Mostly collagen type I (bone, cornea) is defective. Less collagen molecules are found, or if present in normal amounts, the triple helix lacks stability. This leads to long bone fractures.

The blue sclerae result from the thin collagen layer of the cornea so that the pigmented layer (uveal tissue) shines through.

Question 18

⦁ What is elastin, how it is formed? Describe elastin, what is special regarding the amino acid composition? What is an elastic fiber?

Answer 18

Elastin is an insoluble extracellular protein that has rubber-like properties which
forms a network that can bend and stretch in any direction.

        One gene is used to form the linear polypeptide tropoelastin which is secreted as 
        soluble protein. In the extracellular space it interacts with fibrillin which functions  as a scaffold. Elastin is then extracellularly cross-linked following the action of lysyl oxidase which deaminated some lysine residues.

        Tropolastin contains about 700 amino acids. It has alternating domains of 
        hydrophilic and hydrophobic sequences. It is rich in glycine, alanine and  valine. It is also rich in lysine and proline residues which are mostly not hydroxylated.

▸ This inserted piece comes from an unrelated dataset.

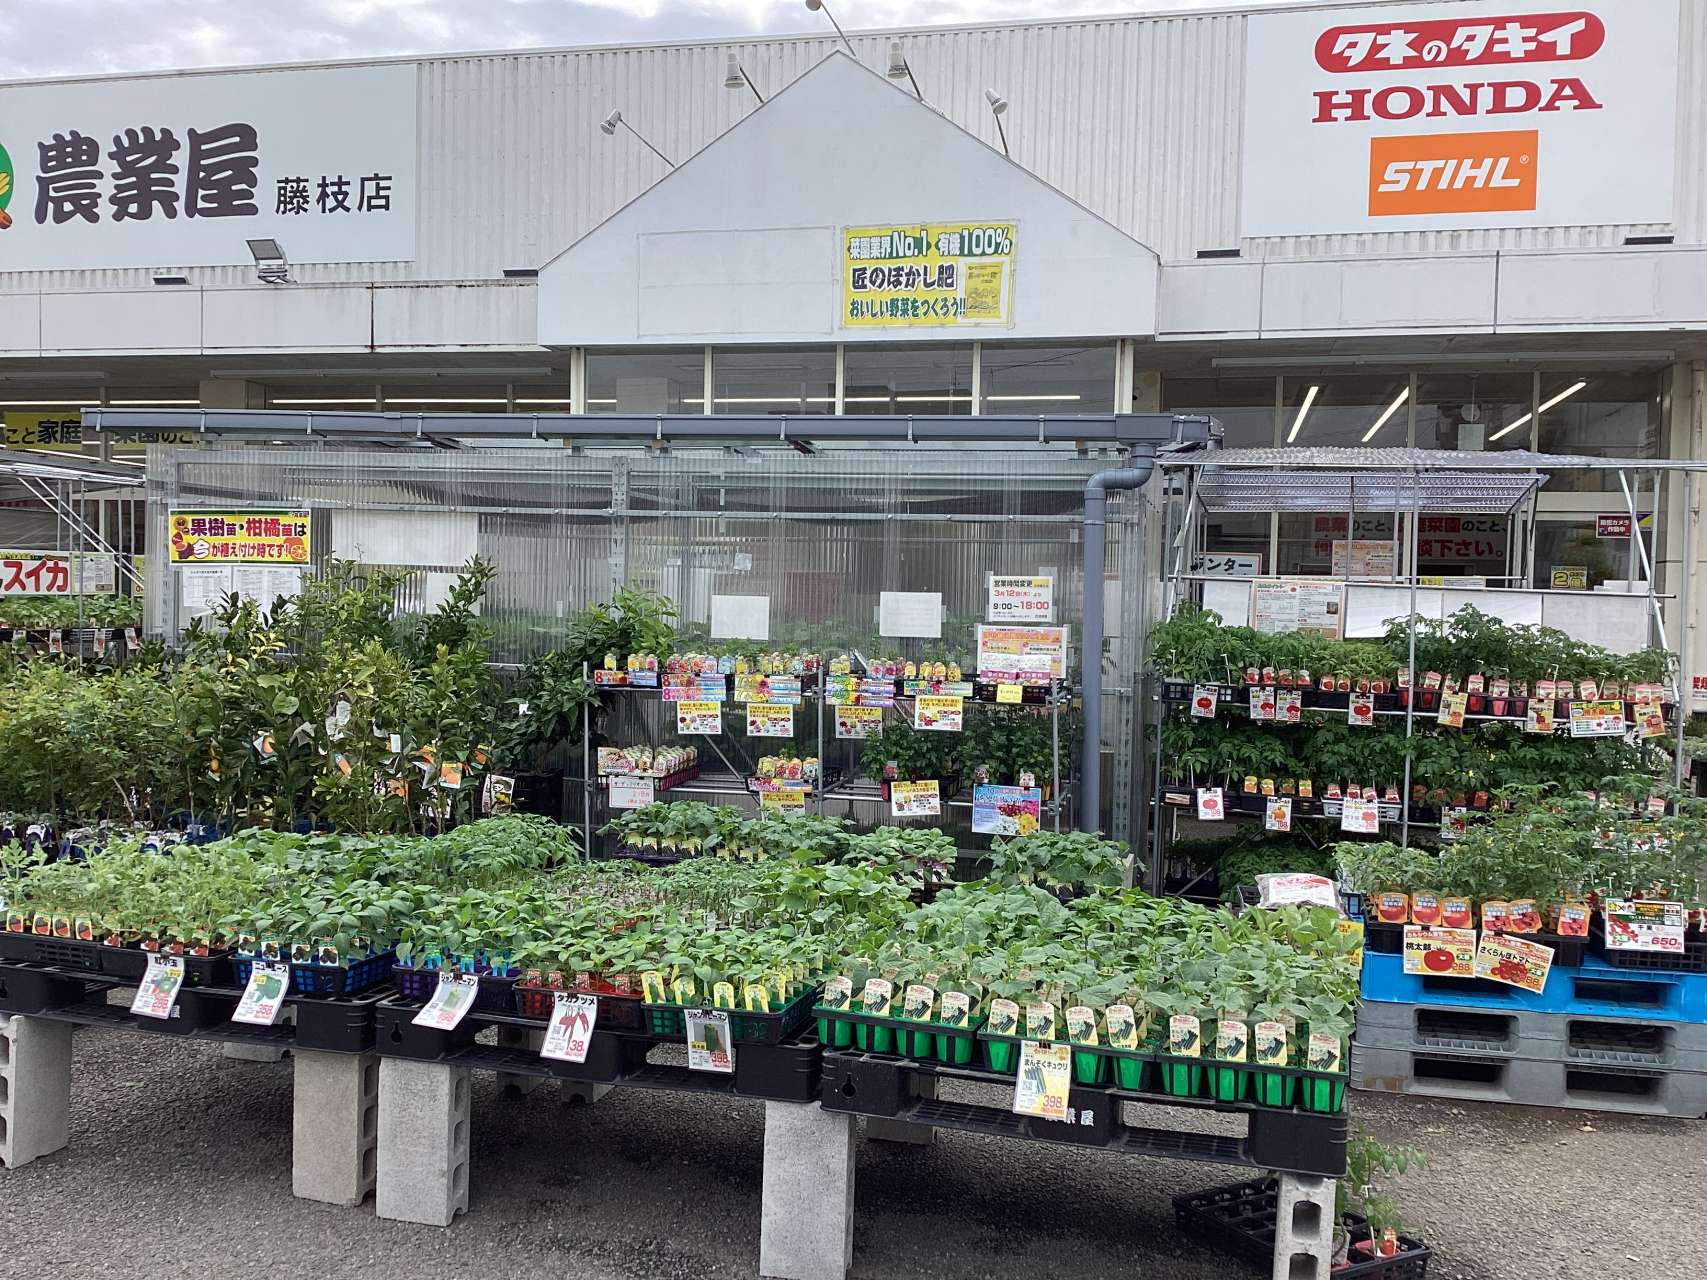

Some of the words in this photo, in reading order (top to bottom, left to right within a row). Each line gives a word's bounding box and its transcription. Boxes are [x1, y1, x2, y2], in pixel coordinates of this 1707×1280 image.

The elastic fiber is a thick yellow fiber formed from micofibril (glycoproteins, fibrillin) and amorphous elastin inside the sheath.

Question 19

Is Marfan’s syndrome the result of a defective tropoelastin gene? Explain!

Answer 19

Marfan’s syndrome is not a defect of the tropoelastin gene.
It is an autosomal dominant genetic defect related to fibrillin-1 protein, which is
a glycoprotein and functions as scaffold for tropoelastin.

         Marfan’s syndrome leads to defective structures in the skeleton (long limbs), eye 
         (lens dislocation) and the cardiovascular system (aortic root dilation)

Question 20

⦁ What are desmosine and isodesmosine? Why can copper deficiency lead to aneurysms?

Answer 20

Desmosine and isodesmosine are special cross-linkages found in elastin and allow its rubber-like properties when stressed
Desmosine is formed from three allysine and one lysine residue and links elastin
strands to each other. This leads to the yellow color of the elastin fiber.

         The formation of allysine residues in tropoelastin takes place extracellular 
         catalyzed by lysyl oxidase, which needs copper as cofactor.
        A deficiency of copper can lead to defective elastin cross-linking and to 
        aneurysms. A large amount of elastic fibers are found in walls of large arteries.

Question 21

EXTRA:

Answer 21

⦁ Measurements of hydroxyproline is used to measure severity of fibrotic lung
disease. Lung fibrosis is characterized by excess collagen synthesis

⦁ The trace mineral copper is found in higher concentration in sea food and nuts.